*Requirement:* Give the data again in full, without pictures.

───── Study material

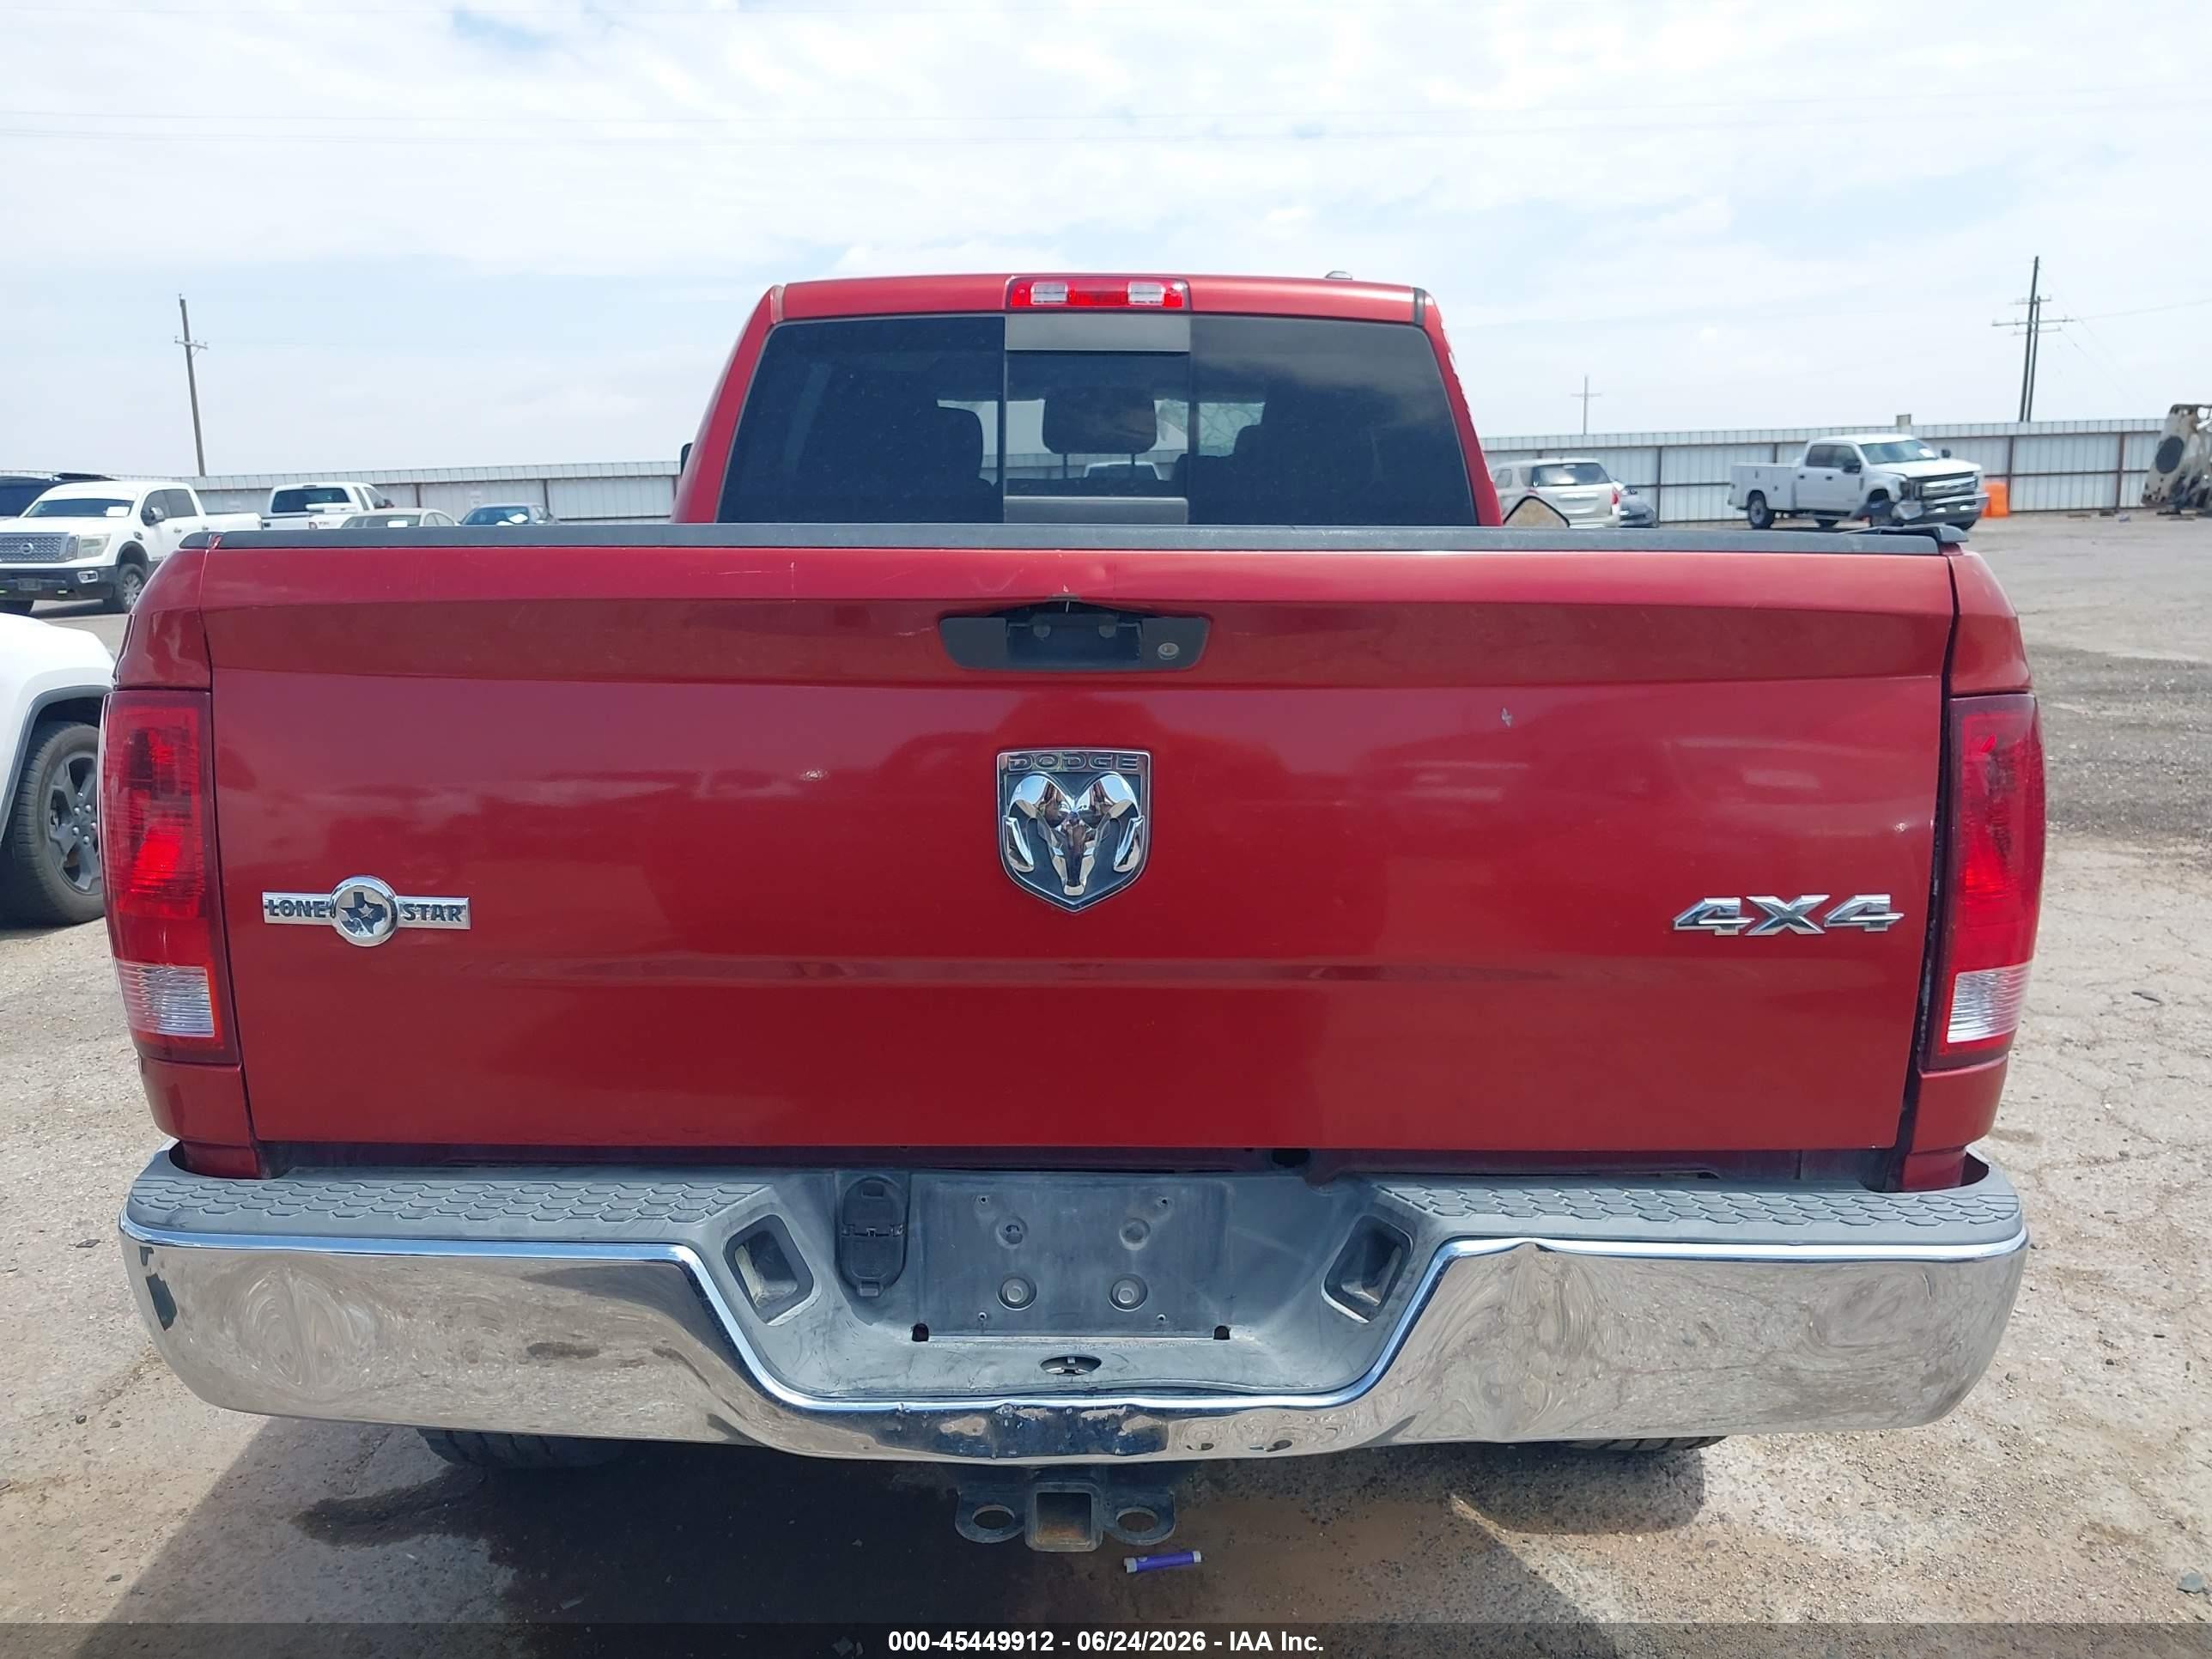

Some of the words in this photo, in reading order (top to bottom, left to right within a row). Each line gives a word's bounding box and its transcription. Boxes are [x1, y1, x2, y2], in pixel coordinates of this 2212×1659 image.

[1008, 754, 1139, 771] DODGE
[264, 899, 328, 918] LONE
[402, 903, 464, 922] STAR
[1673, 894, 1905, 936] 4X4

──────────

*Response to this exercise:*
Some of the words in this photo, in reading order (top to bottom, left to right within a row). Each line gives a word's bounding box and its transcription. Boxes are [x1, y1, x2, y2], in pixel coordinates of this 2212×1659 image.

[1008, 754, 1139, 771] DODGE
[264, 899, 328, 918] LONE
[402, 903, 464, 922] STAR
[1673, 894, 1905, 936] 4X4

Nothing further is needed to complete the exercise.